The data:
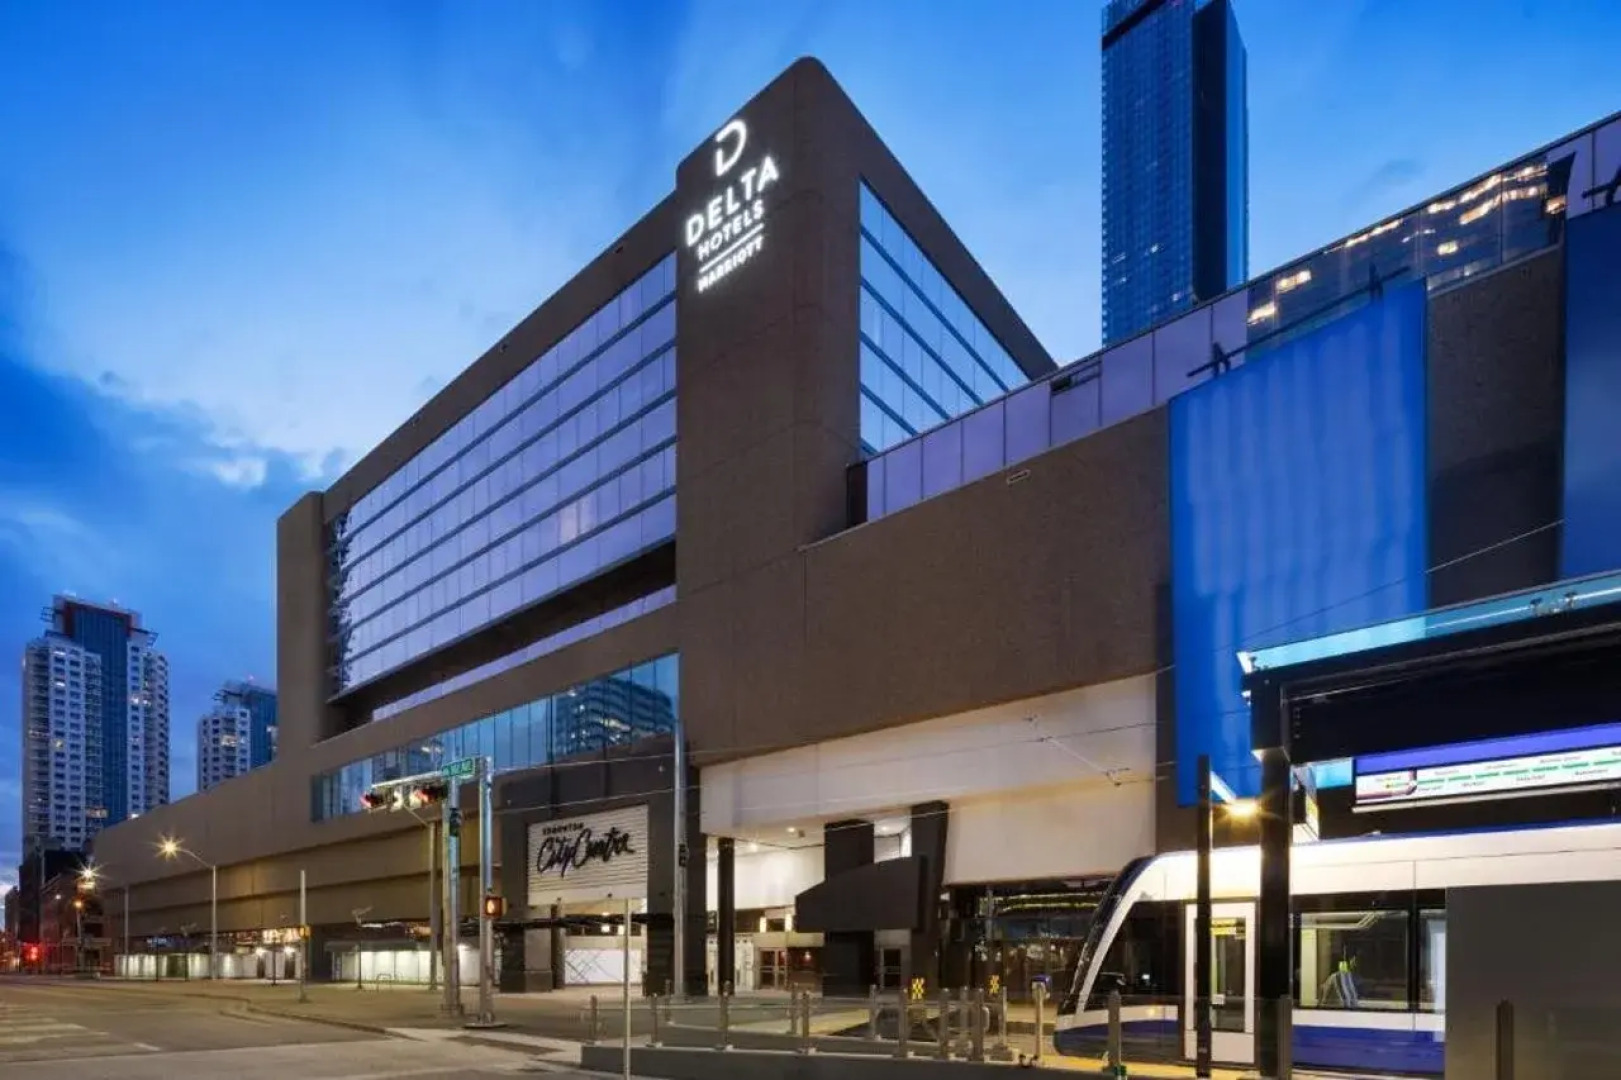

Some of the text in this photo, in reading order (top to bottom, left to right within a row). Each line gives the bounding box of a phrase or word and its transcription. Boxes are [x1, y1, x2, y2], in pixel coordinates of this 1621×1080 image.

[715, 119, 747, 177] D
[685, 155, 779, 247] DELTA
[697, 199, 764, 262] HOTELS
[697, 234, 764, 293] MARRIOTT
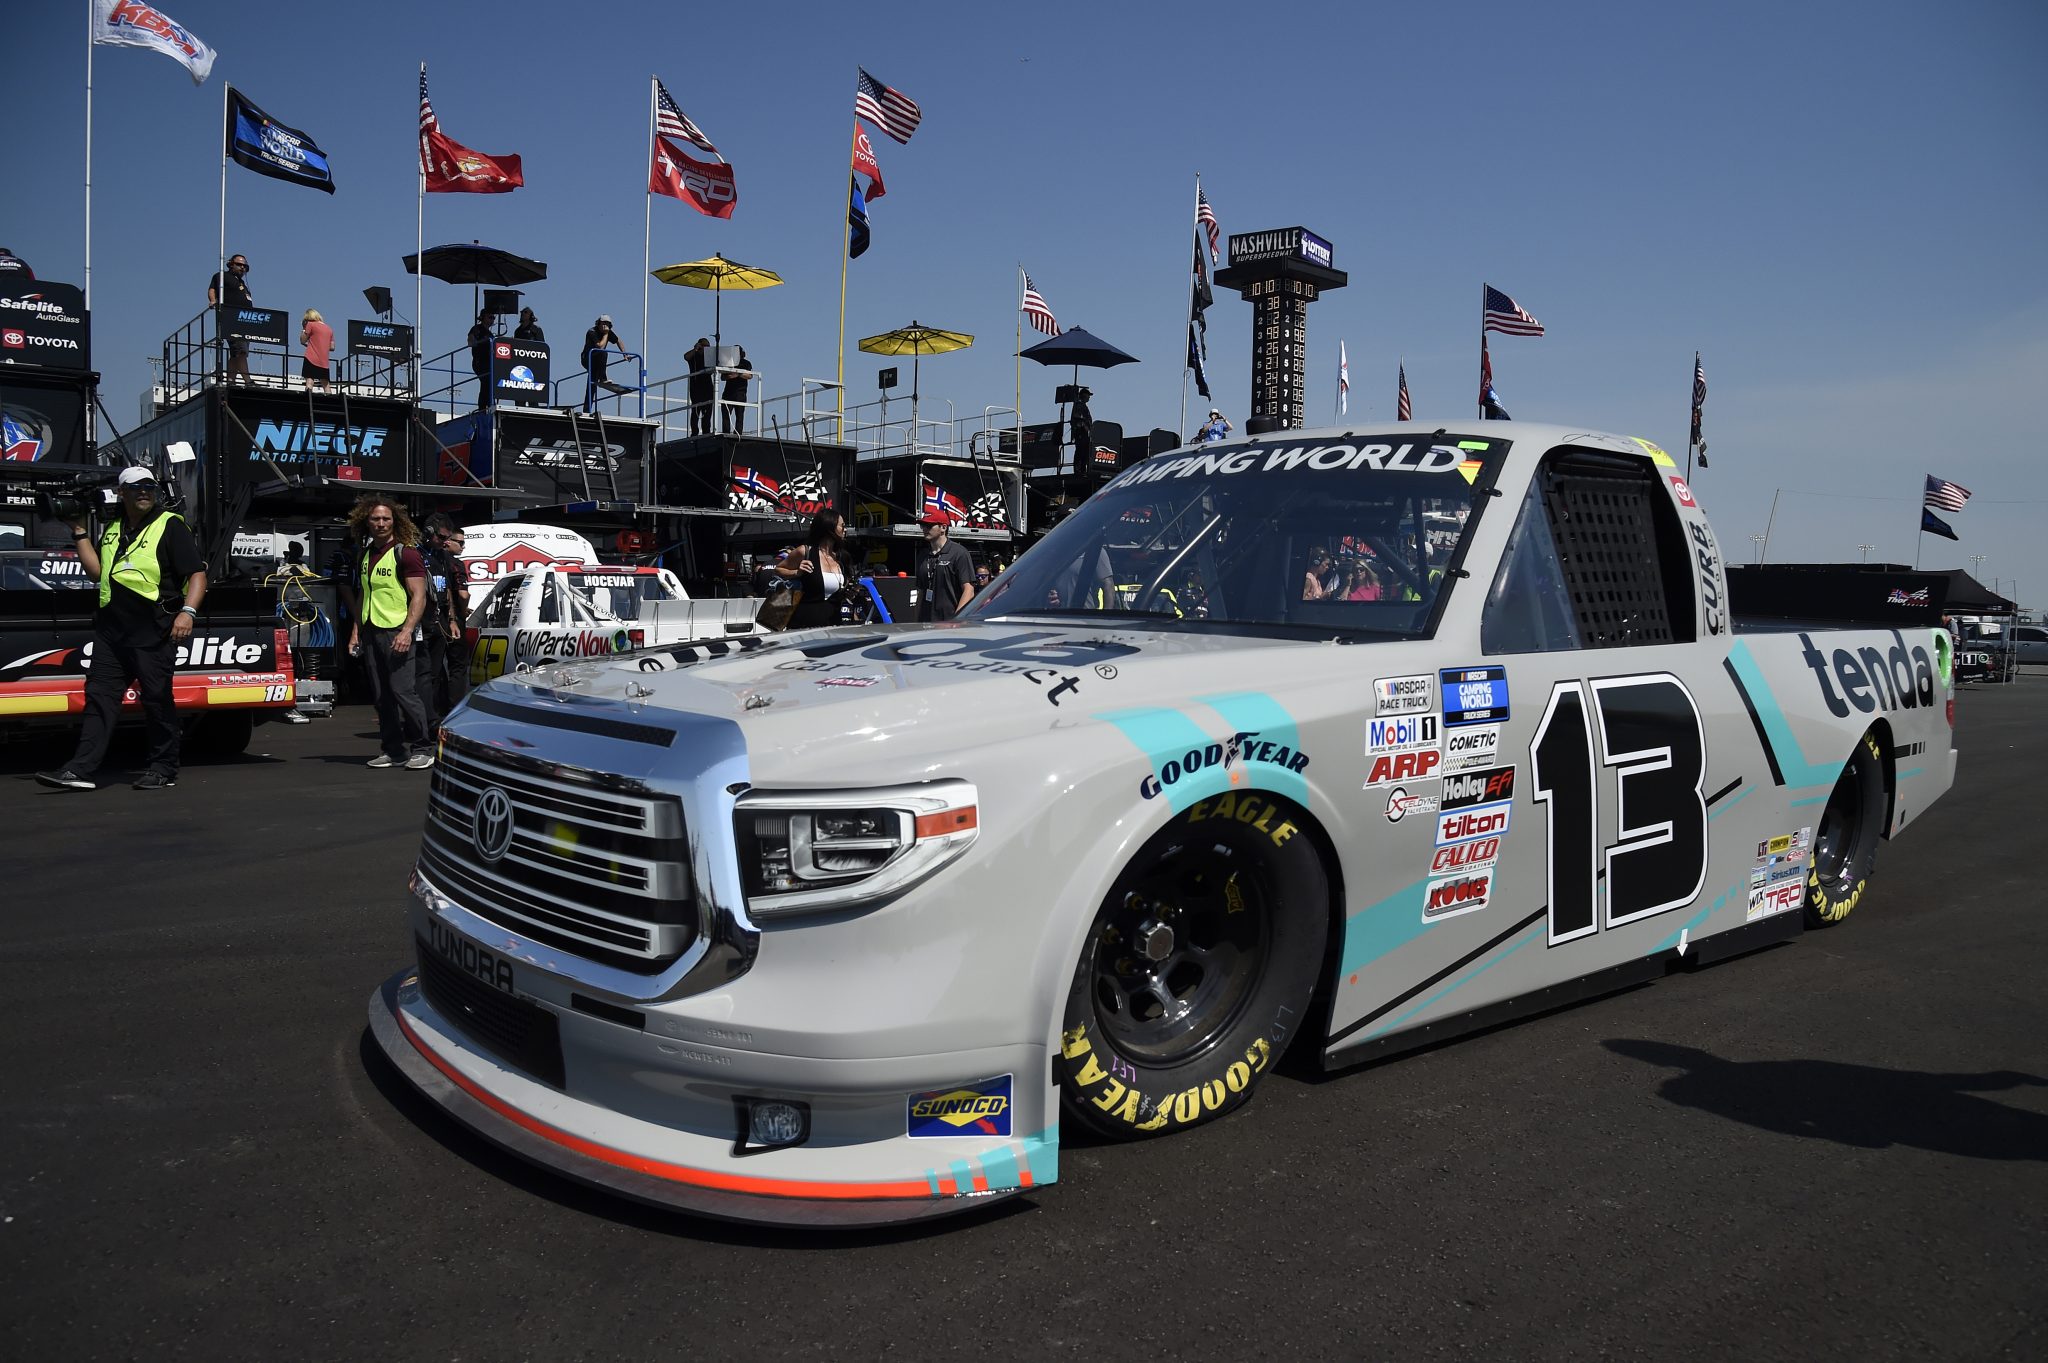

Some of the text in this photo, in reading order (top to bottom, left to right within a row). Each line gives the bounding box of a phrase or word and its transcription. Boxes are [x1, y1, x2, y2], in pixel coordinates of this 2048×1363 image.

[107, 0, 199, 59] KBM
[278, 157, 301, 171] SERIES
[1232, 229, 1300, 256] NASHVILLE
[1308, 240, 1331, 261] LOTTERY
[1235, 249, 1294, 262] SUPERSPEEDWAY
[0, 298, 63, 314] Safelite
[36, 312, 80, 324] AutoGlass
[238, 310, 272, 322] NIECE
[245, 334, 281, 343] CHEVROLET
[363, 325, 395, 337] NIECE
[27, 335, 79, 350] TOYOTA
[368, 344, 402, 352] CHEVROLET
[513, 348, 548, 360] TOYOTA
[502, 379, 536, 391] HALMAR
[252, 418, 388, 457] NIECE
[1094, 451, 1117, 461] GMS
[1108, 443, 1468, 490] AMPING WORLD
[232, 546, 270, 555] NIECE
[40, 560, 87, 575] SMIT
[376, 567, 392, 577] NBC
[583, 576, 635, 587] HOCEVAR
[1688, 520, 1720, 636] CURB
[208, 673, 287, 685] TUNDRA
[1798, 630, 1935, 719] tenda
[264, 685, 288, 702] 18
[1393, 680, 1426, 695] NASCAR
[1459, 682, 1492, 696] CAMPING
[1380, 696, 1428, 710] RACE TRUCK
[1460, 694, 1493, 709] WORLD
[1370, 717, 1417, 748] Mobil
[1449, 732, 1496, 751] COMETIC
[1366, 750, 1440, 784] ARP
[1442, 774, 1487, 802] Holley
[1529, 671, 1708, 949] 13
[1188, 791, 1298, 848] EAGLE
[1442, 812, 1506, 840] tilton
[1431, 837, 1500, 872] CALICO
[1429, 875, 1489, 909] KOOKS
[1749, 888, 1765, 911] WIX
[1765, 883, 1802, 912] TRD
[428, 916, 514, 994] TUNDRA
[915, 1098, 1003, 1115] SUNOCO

Required work: Write out the whole listing exactly, with no pictures.

Task output:
Some of the text in this photo, in reading order (top to bottom, left to right within a row). Each line gives the bounding box of a phrase or word and its transcription. Boxes are [x1, y1, x2, y2], in pixel coordinates of this 1621×1080 image.

[715, 119, 747, 177] D
[685, 155, 779, 247] DELTA
[697, 199, 764, 262] HOTELS
[697, 234, 764, 293] MARRIOTT

Some of the text in this photo, in reading order (top to bottom, left to right within a row). Each line gives the bounding box of a phrase or word and its transcription. Boxes are [x1, y1, x2, y2], in pixel coordinates of this 2048×1363 image.

[107, 0, 199, 59] KBM
[278, 157, 301, 171] SERIES
[1232, 229, 1300, 256] NASHVILLE
[1308, 240, 1331, 261] LOTTERY
[1235, 249, 1294, 262] SUPERSPEEDWAY
[0, 298, 63, 314] Safelite
[36, 312, 80, 324] AutoGlass
[238, 310, 272, 322] NIECE
[245, 334, 281, 343] CHEVROLET
[363, 325, 395, 337] NIECE
[27, 335, 79, 350] TOYOTA
[368, 344, 402, 352] CHEVROLET
[513, 348, 548, 360] TOYOTA
[502, 379, 536, 391] HALMAR
[252, 418, 388, 457] NIECE
[1094, 451, 1117, 461] GMS
[1108, 443, 1468, 490] AMPING WORLD
[232, 546, 270, 555] NIECE
[40, 560, 87, 575] SMIT
[376, 567, 392, 577] NBC
[583, 576, 635, 587] HOCEVAR
[1688, 520, 1720, 636] CURB
[208, 673, 287, 685] TUNDRA
[1798, 630, 1935, 719] tenda
[264, 685, 288, 702] 18
[1393, 680, 1426, 695] NASCAR
[1459, 682, 1492, 696] CAMPING
[1380, 696, 1428, 710] RACE TRUCK
[1460, 694, 1493, 709] WORLD
[1370, 717, 1417, 748] Mobil
[1449, 732, 1496, 751] COMETIC
[1366, 750, 1440, 784] ARP
[1442, 774, 1487, 802] Holley
[1529, 671, 1708, 949] 13
[1188, 791, 1298, 848] EAGLE
[1442, 812, 1506, 840] tilton
[1431, 837, 1500, 872] CALICO
[1429, 875, 1489, 909] KOOKS
[1749, 888, 1765, 911] WIX
[1765, 883, 1802, 912] TRD
[428, 916, 514, 994] TUNDRA
[915, 1098, 1003, 1115] SUNOCO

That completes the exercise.